Experiments in Particle Physics in the Twentieth Century
Franklin , Allan
Allan Franklin provides an overview of notable experiments in particle physics. Using papers published in Physical Review, the journal of the American Physical Society, as his basis, Franklin details the experiments themselves, their data collection, the events witnessed, and the interpretation of results. From these papers, he distills the dramatic changes to particle physics experimentation from 1894 through 2009.
Allan Franklin is professor of physics at the University of Colorado. He is the author of numerous books, including Are There Really Neutrinos? An Evidential History; Selectivity and Discord: Two Problems of Experiment; and No Easy Answers: Science and the Pursuit of Knowledge. He is also coauthor of Ending the Mendel-Fisher Controversy.
“Philosophers of science should take cognizance of Franklin’s analyses and their consequences, for here we have a faithful presentation of an important aspect of the scientific practice.”
—Giora Hon, University of Haifa, Israel
Past praise for No Easy Answers: Science and the Pursuit of Knowledge
“Franklin’s superb contributions to the history and philosophy of science over many years have provided the foundation for this excellent book in which he makes the inner workings of science accessible to a broad audience of well-educated nonscientists. By examining wrong experiments as well as correct ones, he shows how scientists make rational arguments and follow reasonable strategies to sort out competing claims. In the process, he answers some of the most serious critics of science.”—William E. Evenson, former editor, History of Physics Newsletter
“Serves as a valuable, albeit specialized, guide to the history of statistics in high-energy physics. Franklin’s study is timely . . . Any young researcher thinking of studying high-energy physics today would do well to delve into ‘Shifting Standards.’ When it comes to the business of identifying new particles and measuring their parameters, avoid statistics would be a bad bet.”--Physics Today
In Shifting Standards, Allan Franklin provides an overview of notable experiments in particle physics. Using papers published in Physical Review, the journal of the American Physical Society, as his basis, Franklin details the experiments themselves, their data collection, the events witnessed, and the interpretation of results. From these papers, he distills the dramatic changes to particle physics experimentation from 1894 through 2009.
Franklin develops a framework for his analysis, viewing each example according to exclusion and selection of data; possible experimenter bias; details of the experimental apparatus; size of the data set, apparatus, and number of authors; rates of data taking along with analysis and reduction; distinction between ideal and actual experiments; historical accounts of previous experiments; and personal comments and style.
From Millikan’s tabletop oil-drop experiment to the Compact Muon Solenoid apparatus measuring approximately 4,000 cubic meters (not including accelerators) and employing over 2,000 authors, Franklin’s study follows the decade-by-decade evolution of scale and standards in particle physics experimentation.
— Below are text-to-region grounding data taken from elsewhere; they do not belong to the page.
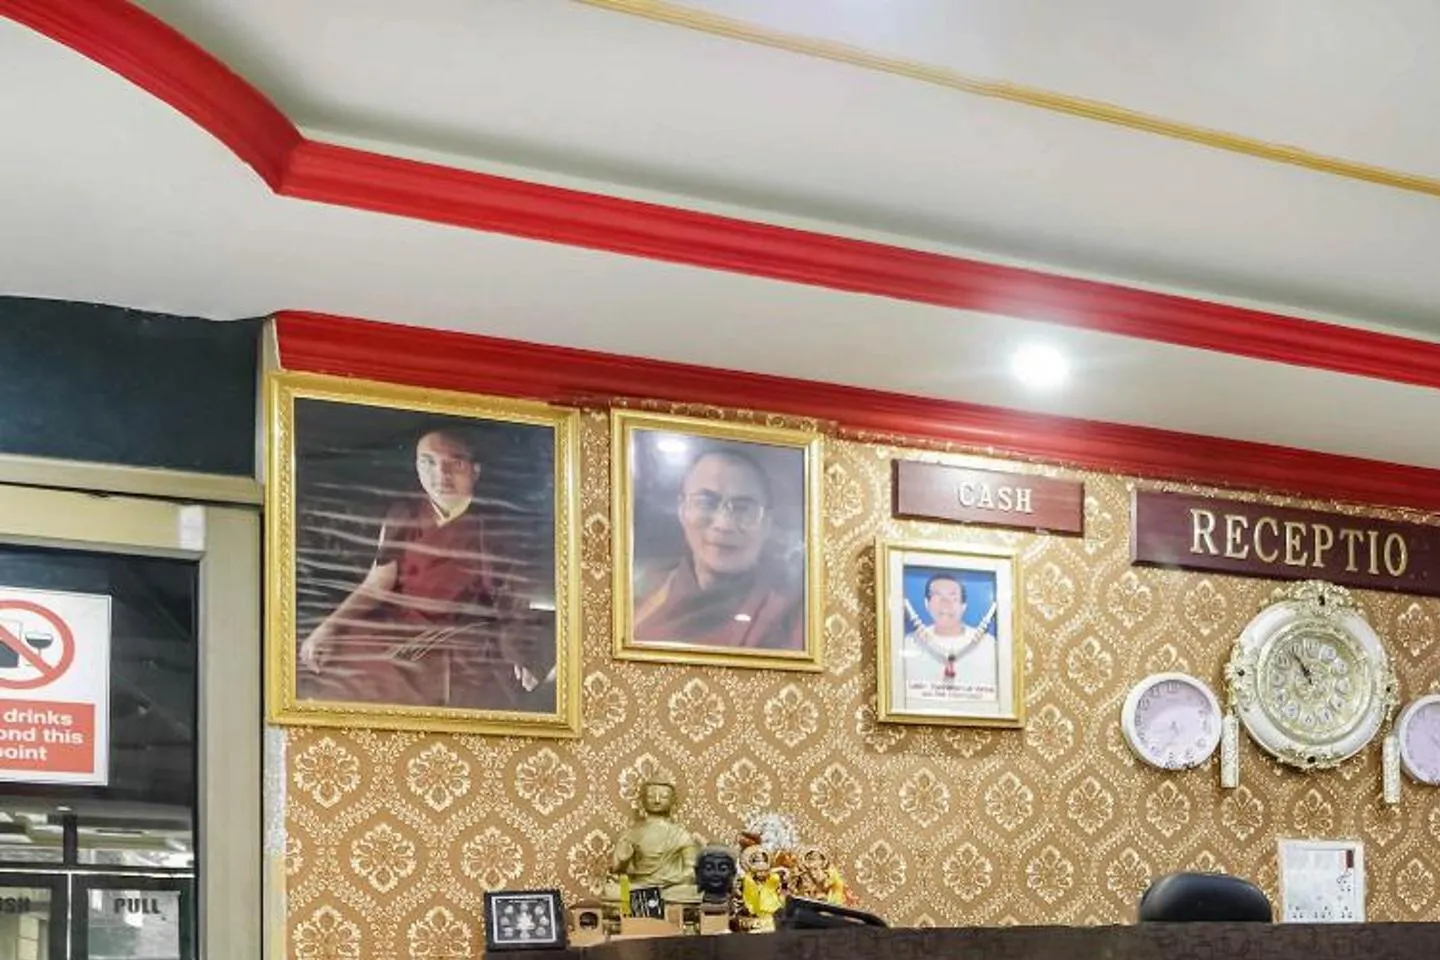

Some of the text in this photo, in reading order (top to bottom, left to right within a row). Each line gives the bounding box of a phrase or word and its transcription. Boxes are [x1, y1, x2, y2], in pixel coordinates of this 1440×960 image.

[958, 482, 1033, 514] CASH
[1189, 508, 1408, 577] RECEPTIO
[3, 708, 73, 726] drinks
[43, 728, 84, 745] this
[0, 745, 48, 762] oint
[114, 898, 161, 914] PULL
As he shows, where once there were only one or two collaborators, now it literally takes a village. Similar changes are seen in data collection: in 1909 Millikan’s data set took 175 oil drops, of which he used 23 to determine the value of e, the charge of the electron; in contrast, the 1988–1992 E791 experiment using the Collider Detector at Fermilab, investigating the hadroproduction of charm quarks, recorded 20 billion events. As we also see, data collection took a quantum leap in the 1950s with the use of computers. Events are now recorded at rates as of a few hundred per second, and analysis rates have progressed similarly.
Employing his epistemology of experimentation, Franklin deconstructs each example to view the arguments offered and the correctness of the results. Overall, he finds that despite the metamorphosis of the process, the role of experimentation has remained remarkably consistent through the years: to test theories and provide factual basis for scientific knowledge, to encourage new theories, and to reveal new phenomenon.